Efforts from officials to reduce prevalence of memory-unsafe code
Federal officials and researchers in the U.S. have been working to reduce the amount of memory-unsafe software in circulation in recent years.
An October 2022 report from Consumer Reports noted that “roughly 60 to 70 percent of browser and kernel vulnerabilities — and security bugs found in C/C++ code bases — are due to memory unsafety.” Then, the National Security Agency released guidance for how software developers could protect against memory-safety issues.
In 2023, CISA Director Jen Easterly called on universities to educate students on memory safety and secure coding practices. The 2023 National Cybersecurity Strategy and its implementation plan were then published, which discussed investing in memory-safe languages and collaborating with the open source community to champion them further. That December, CISA published The Case for Memory Safe Roadmaps and the Technical Advisory Council’s report on memory safety.
In February this year, the White House published a report promoting the use of memory-safe languages and the development of software safety standards, which was backed by major technology companies including SAP and Hewlett Packard Enterprise.

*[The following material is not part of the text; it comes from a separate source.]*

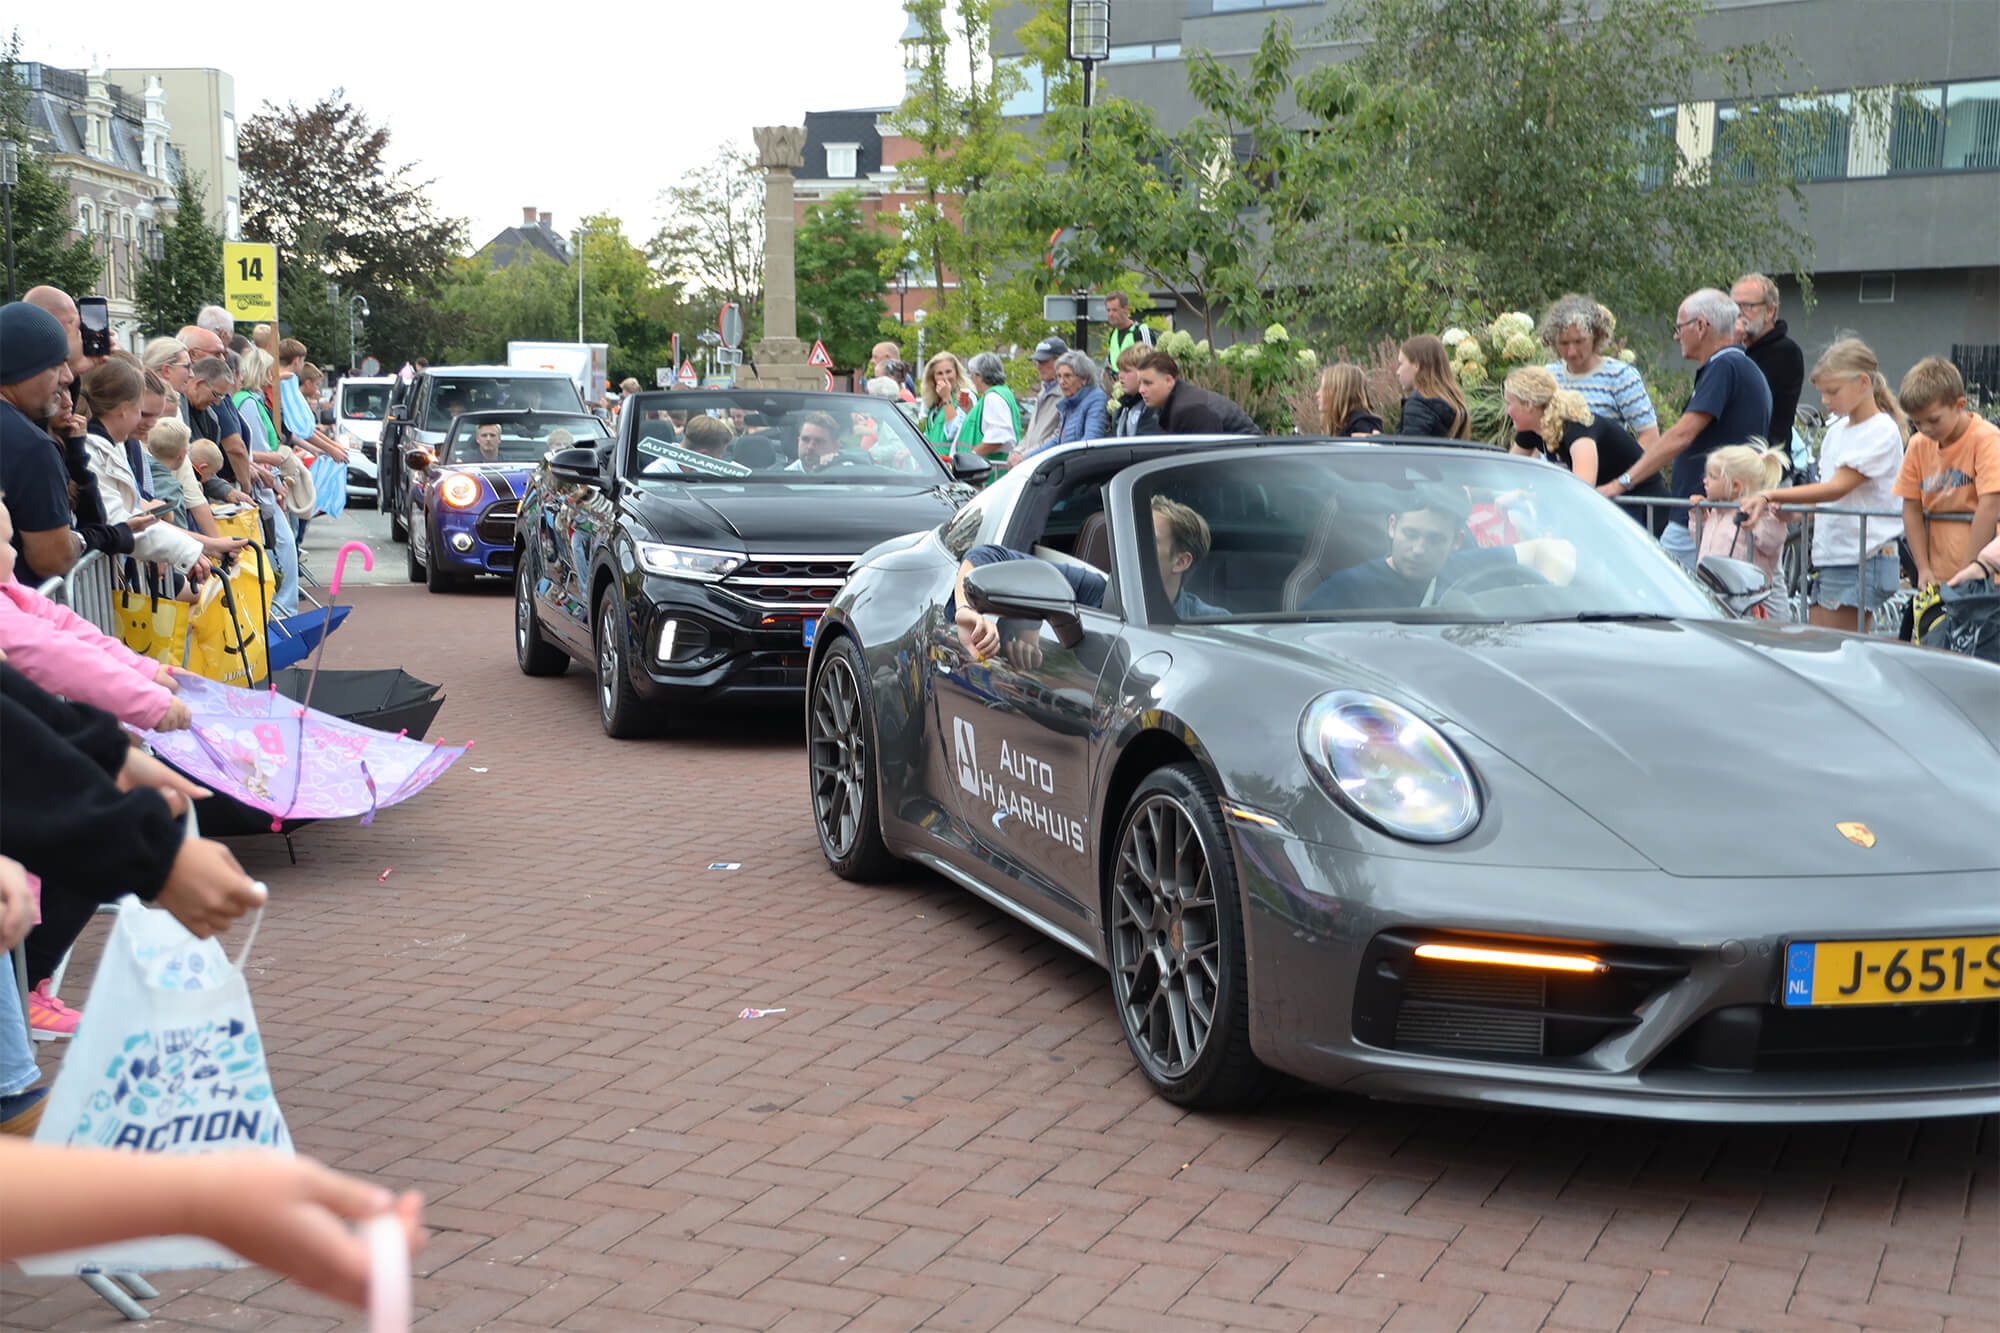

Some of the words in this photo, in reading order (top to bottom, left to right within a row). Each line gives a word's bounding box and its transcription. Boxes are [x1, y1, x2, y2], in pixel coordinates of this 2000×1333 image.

The U.S. government’s efforts are being supported by a number of third-party groups that share their aim of reducing the prevalence of memory-unsafe code. The OpenSSF Best Practices Working Group has a dedicated Memory-Safety Special Interest subgroup, while the Internet Security Research Group’s Prossimo project wants to “move the Internet’s security-sensitive software infrastructure to memory safe code.” Google has developed the OSS-Fuzz service that continuously tests open-source software for memory-safety vulnerabilities and other bugs using automated fuzzing techniques.